Between 12 and 24 months, despite weight stabilisation or weight regain in all groups, TH bone loss continued reaching -14 (3) % for RYGB and -7 (5) % for GS with no further loss for GB and Diet. There was no further fat mass loss in any surgical group beyond 12 months, however lean mass loss continued in RYGB and GS although non significantly. Adiponectin levels remained significantly raised from baseline at 12 and 24m for RYGB and GS (p<0.0001) and for GB (p=0.025), while at 24 months fasting PYY hormone increased only in RYGB (p=0.04) and decreased in GS (p=0.009) with no change in GB and Diet.

Importantly, participants maintained normal levels of calcium, vitamin D and PTH levels through the study follow-up.

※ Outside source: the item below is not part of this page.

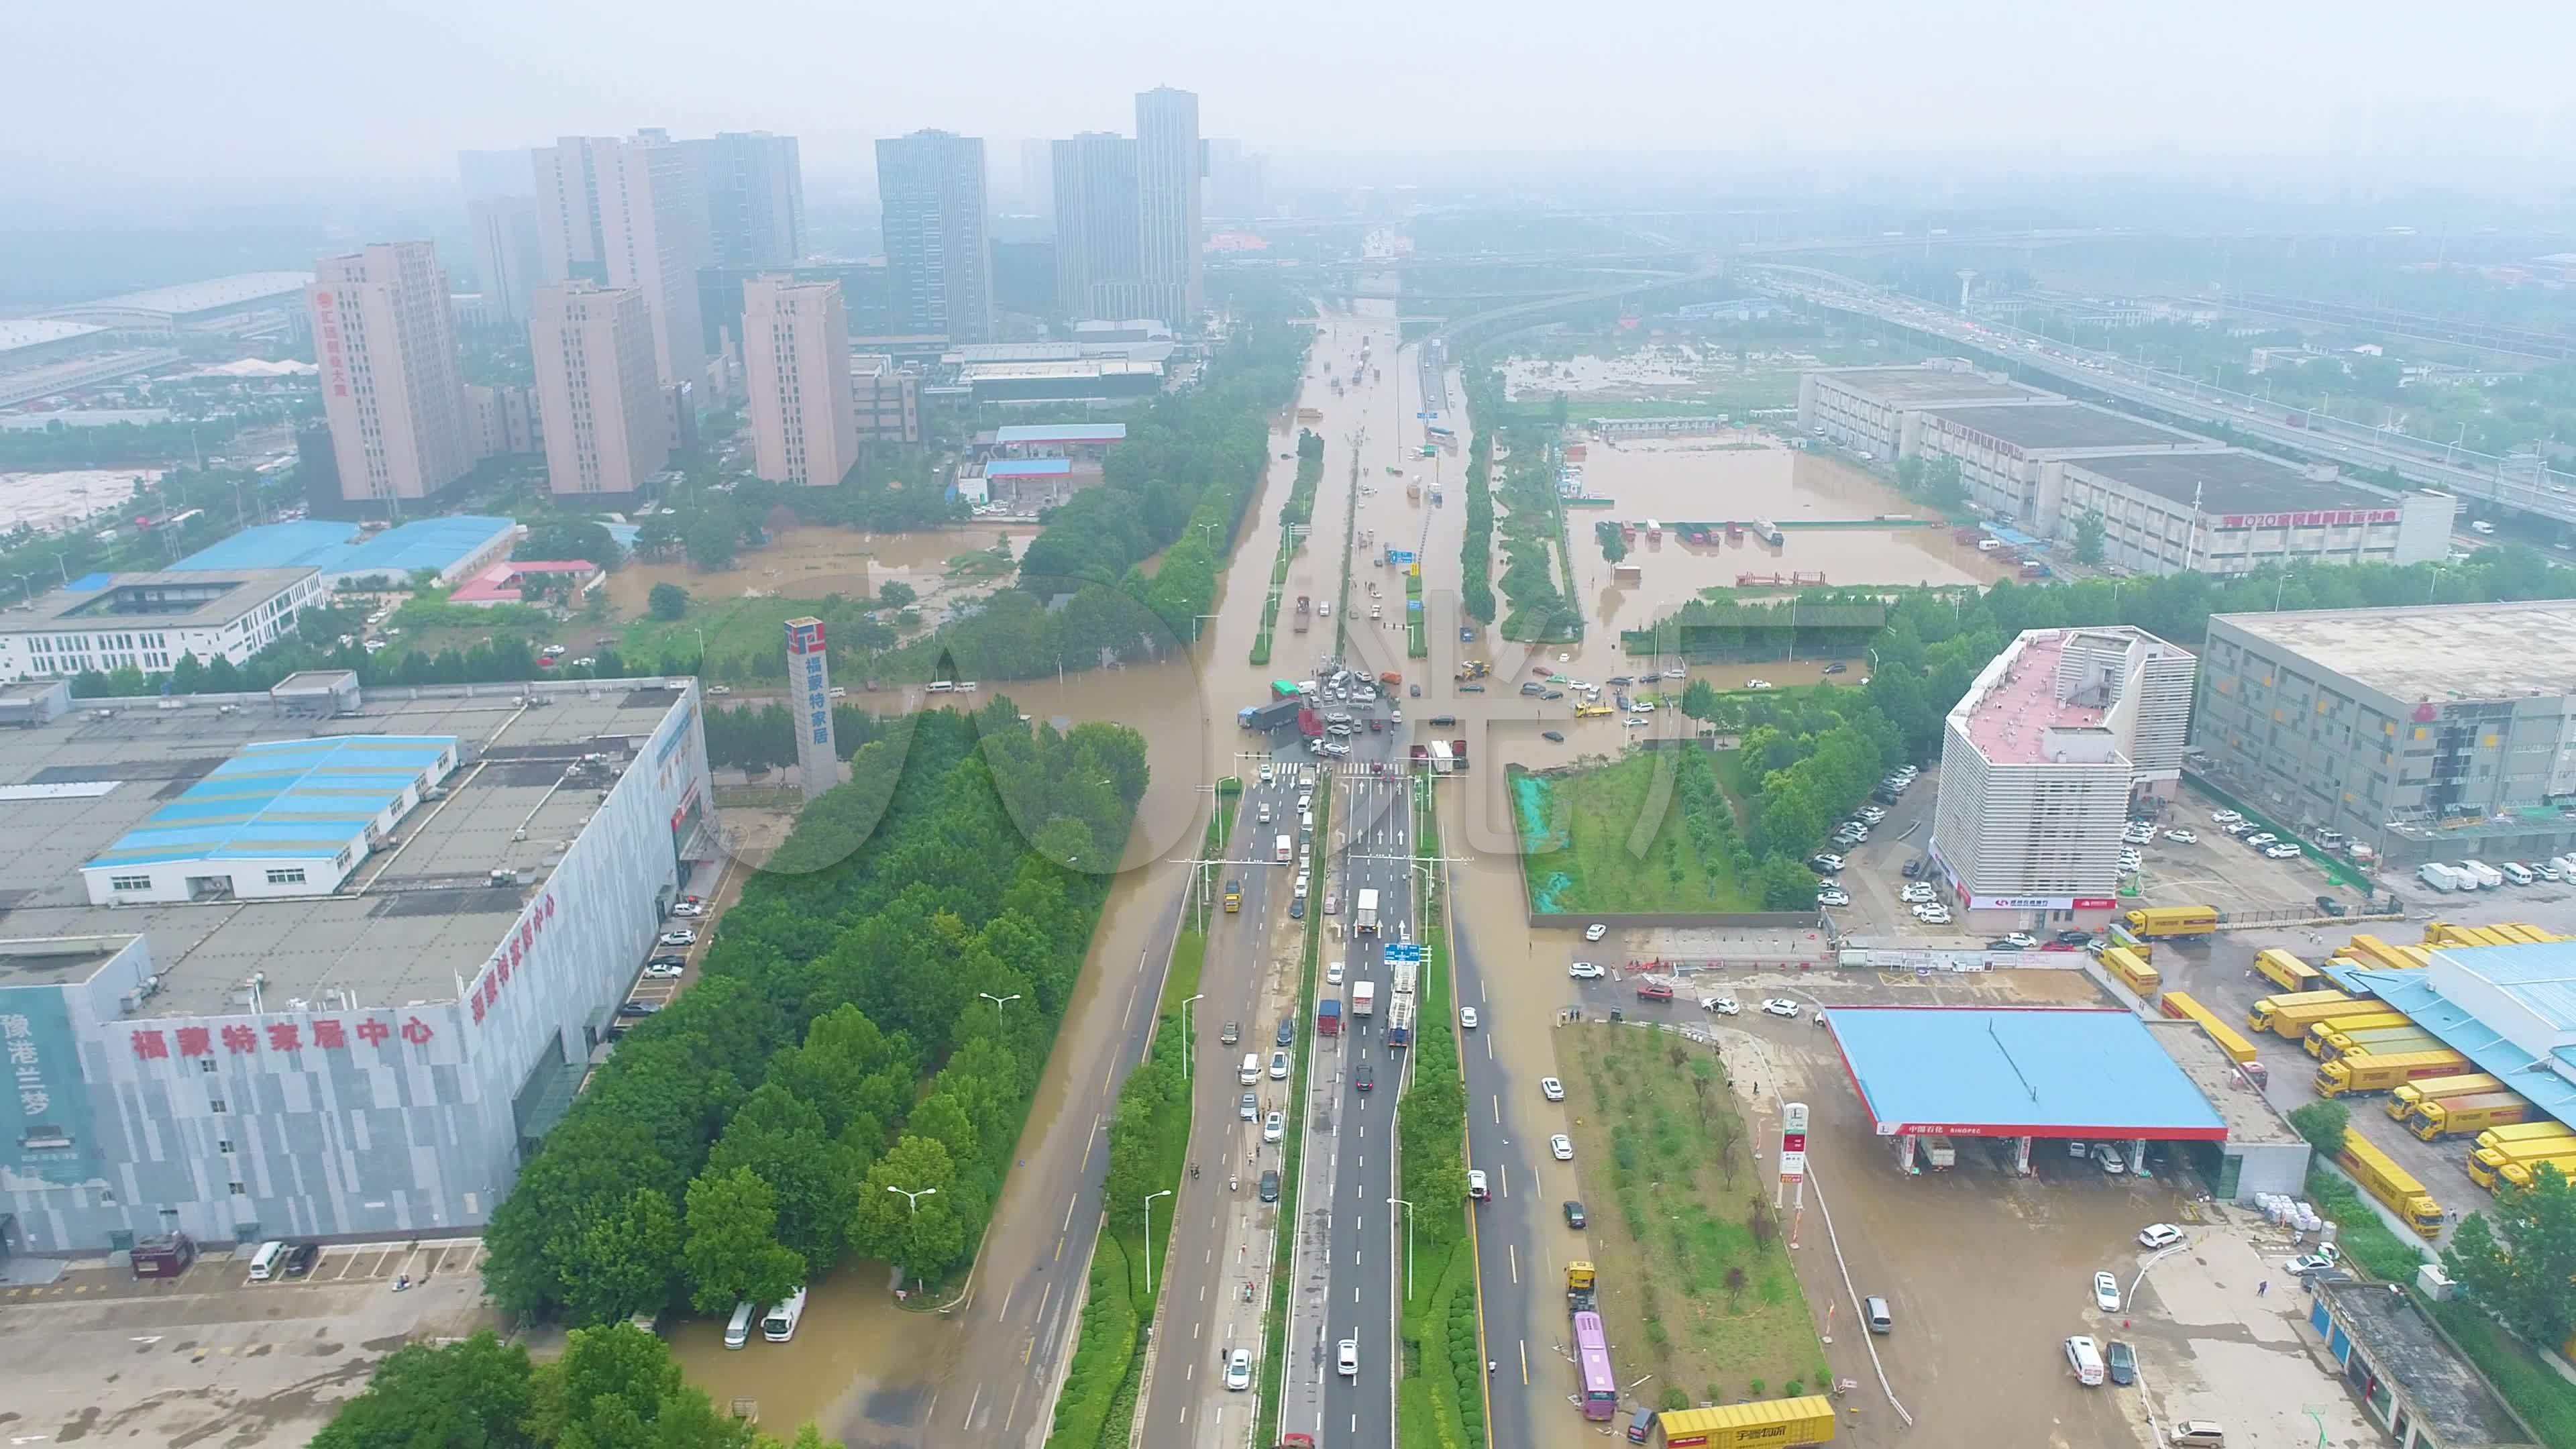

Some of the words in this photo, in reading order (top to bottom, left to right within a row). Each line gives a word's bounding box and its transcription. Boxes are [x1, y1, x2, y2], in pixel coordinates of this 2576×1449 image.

Different weight loss modalities resulted in varied skeletal responses. At 2 years, bone loss was marked in RYGB and GS but absent in GB despite significant weight loss. The musculoskeletal changes associated with RYGB and GS may involve changes in PYY and adiponectin, unrelated to weight loss alone.